What this task involves
Copy exactly, and copy only, the lines from the one bearing "Some of the words" through the final line of the records.

Records from a data collection:
-=-=-=-=-

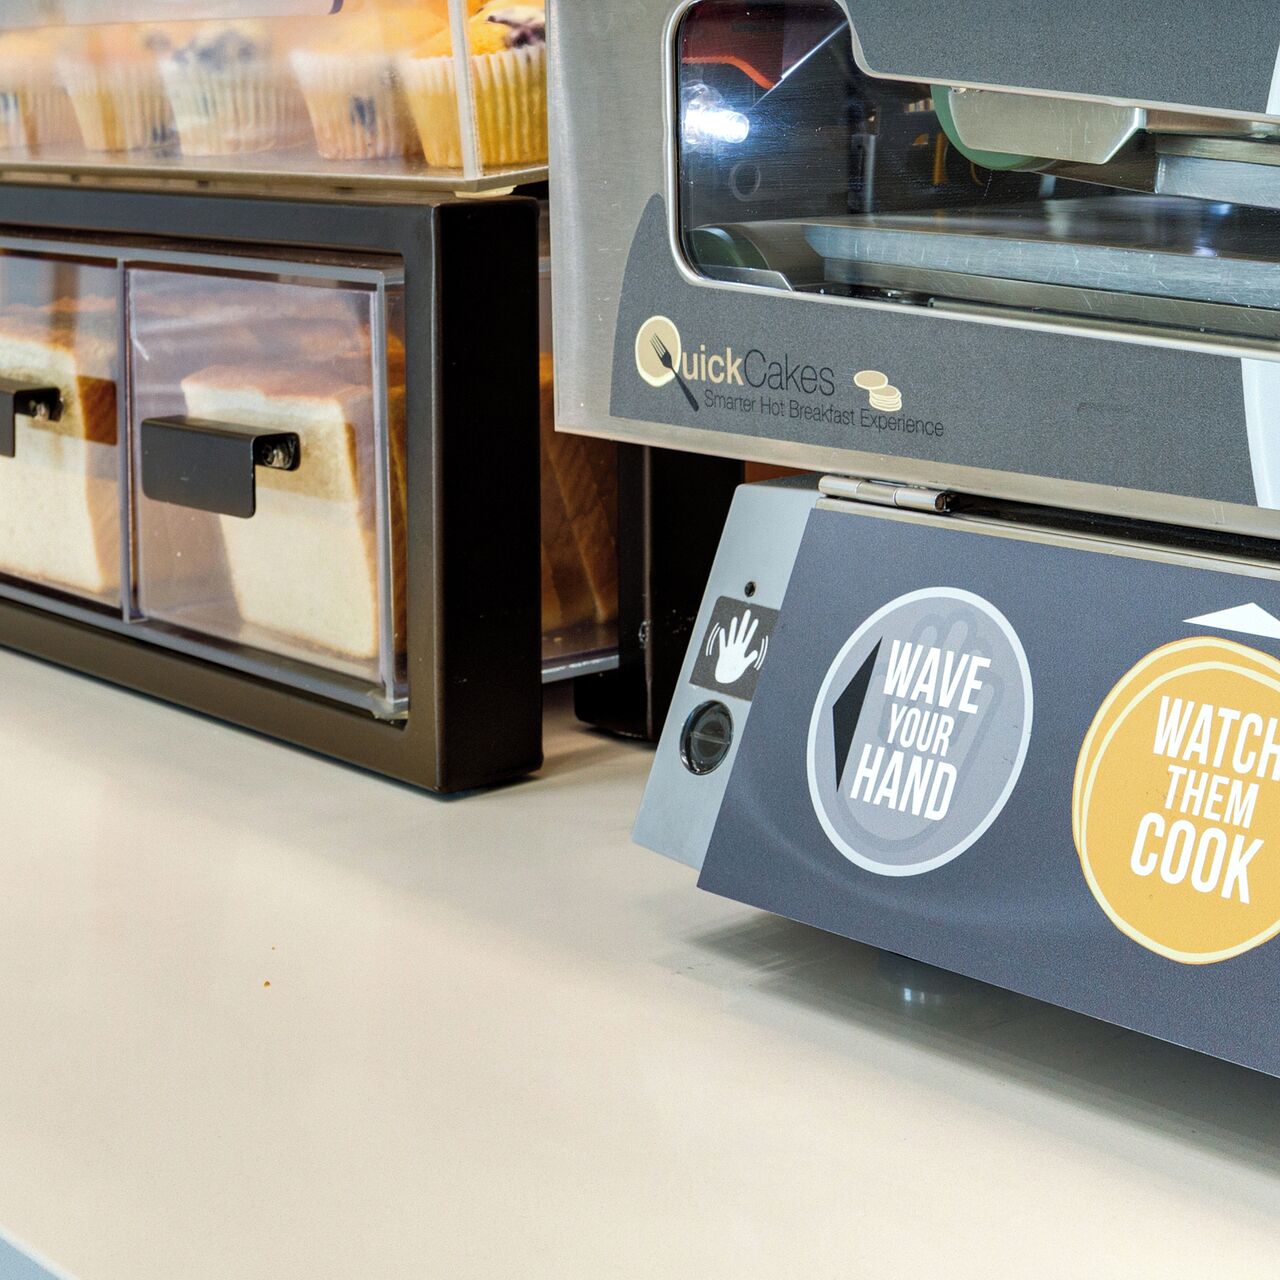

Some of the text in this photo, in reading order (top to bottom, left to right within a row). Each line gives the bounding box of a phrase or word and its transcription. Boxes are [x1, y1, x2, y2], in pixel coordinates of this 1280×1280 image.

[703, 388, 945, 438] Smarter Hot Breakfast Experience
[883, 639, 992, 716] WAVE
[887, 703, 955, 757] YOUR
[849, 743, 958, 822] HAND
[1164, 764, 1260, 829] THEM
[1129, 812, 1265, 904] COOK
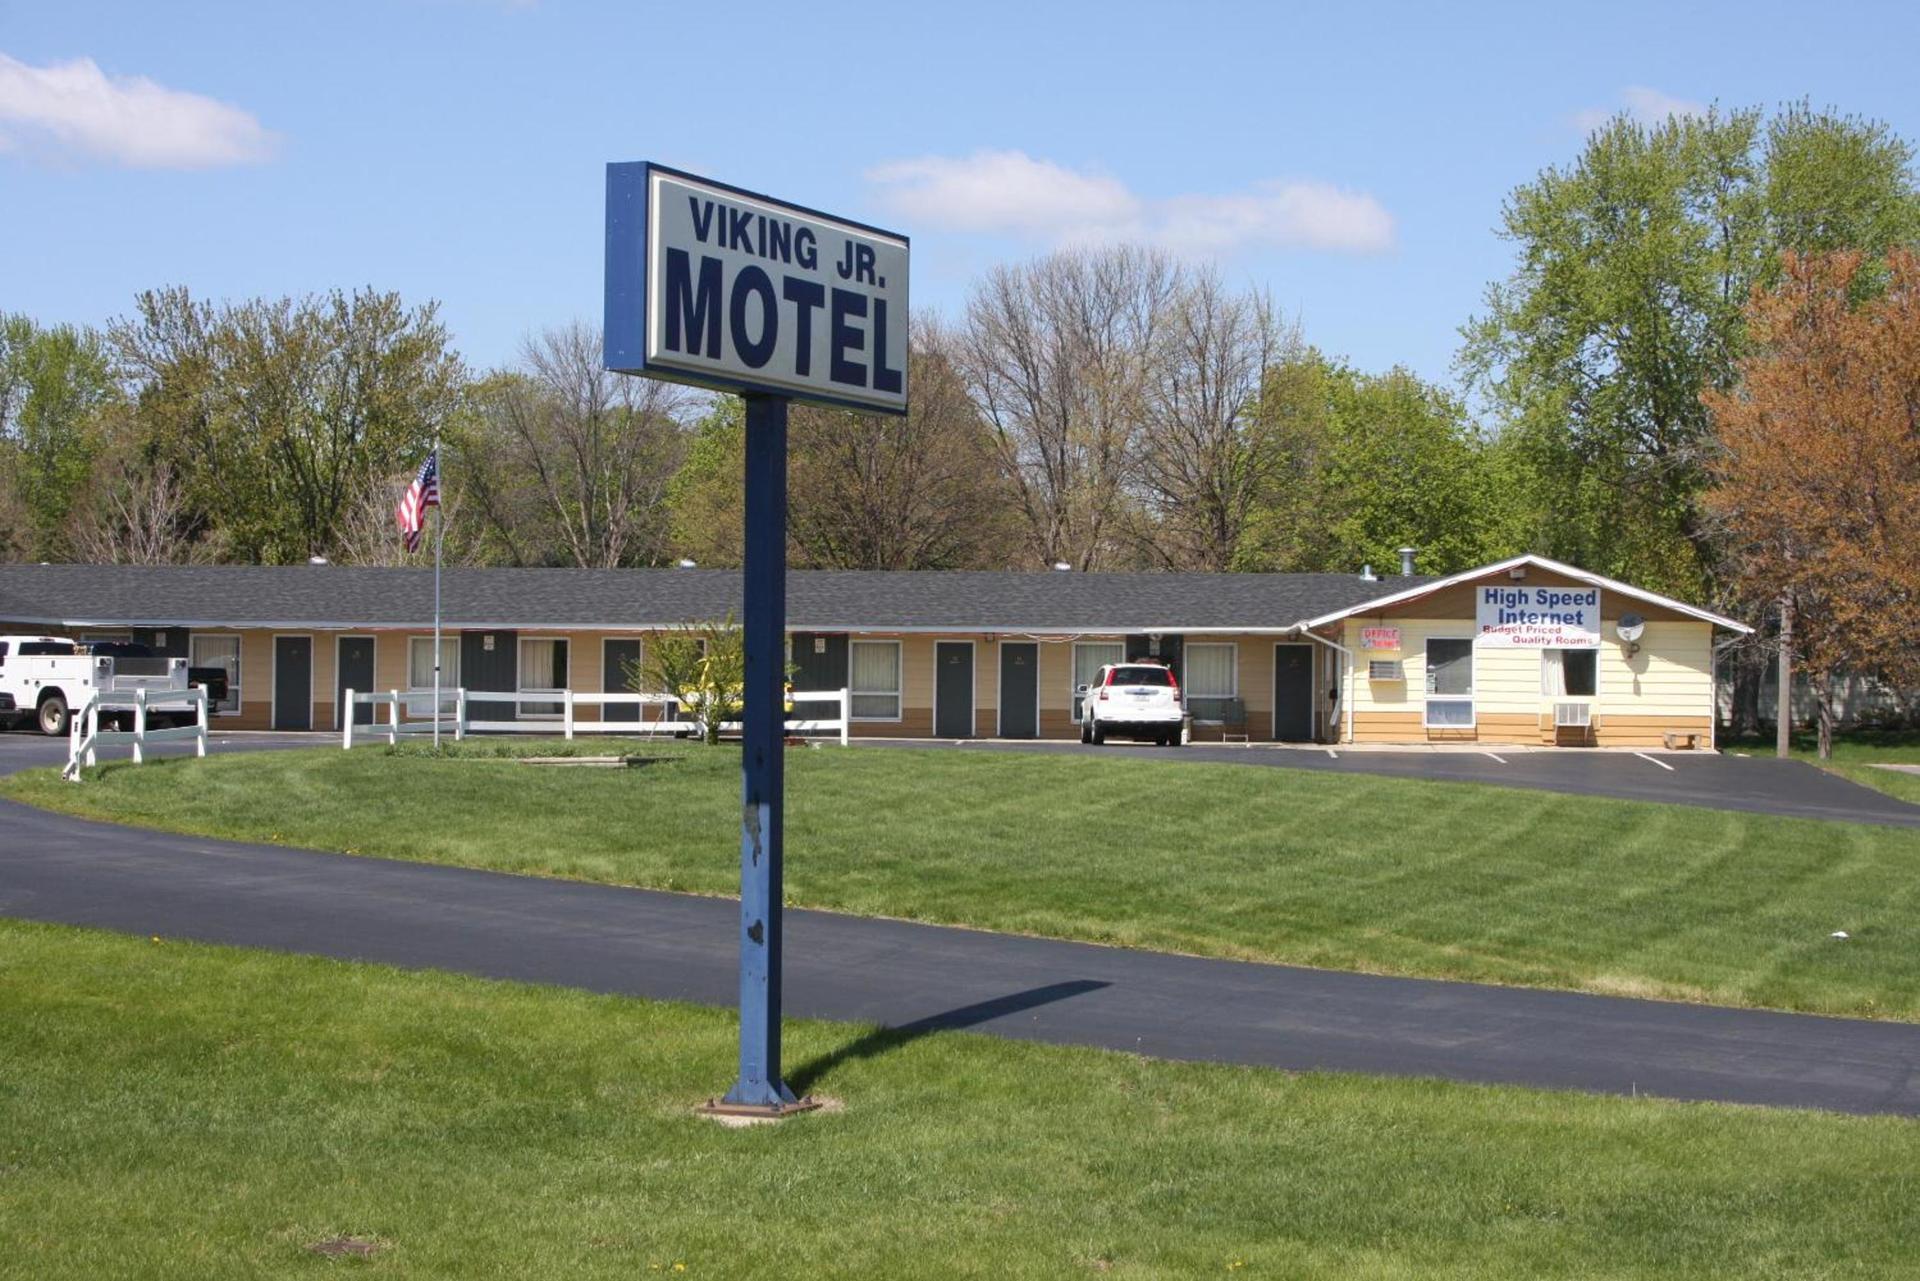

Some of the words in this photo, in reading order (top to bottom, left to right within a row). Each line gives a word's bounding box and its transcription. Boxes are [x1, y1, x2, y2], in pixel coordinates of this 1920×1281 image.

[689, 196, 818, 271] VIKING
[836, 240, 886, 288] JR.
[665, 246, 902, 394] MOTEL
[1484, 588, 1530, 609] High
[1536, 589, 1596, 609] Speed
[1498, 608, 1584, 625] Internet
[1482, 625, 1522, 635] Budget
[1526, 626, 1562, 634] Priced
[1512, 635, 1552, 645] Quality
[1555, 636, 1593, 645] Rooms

-=-=-=-=-

Output for this task
Some of the words in this photo, in reading order (top to bottom, left to right within a row). Each line gives a word's bounding box and its transcription. Boxes are [x1, y1, x2, y2], in pixel coordinates of this 1920×1281 image.

[689, 196, 818, 271] VIKING
[836, 240, 886, 288] JR.
[665, 246, 902, 394] MOTEL
[1484, 588, 1530, 609] High
[1536, 589, 1596, 609] Speed
[1498, 608, 1584, 625] Internet
[1482, 625, 1522, 635] Budget
[1526, 626, 1562, 634] Priced
[1512, 635, 1552, 645] Quality
[1555, 636, 1593, 645] Rooms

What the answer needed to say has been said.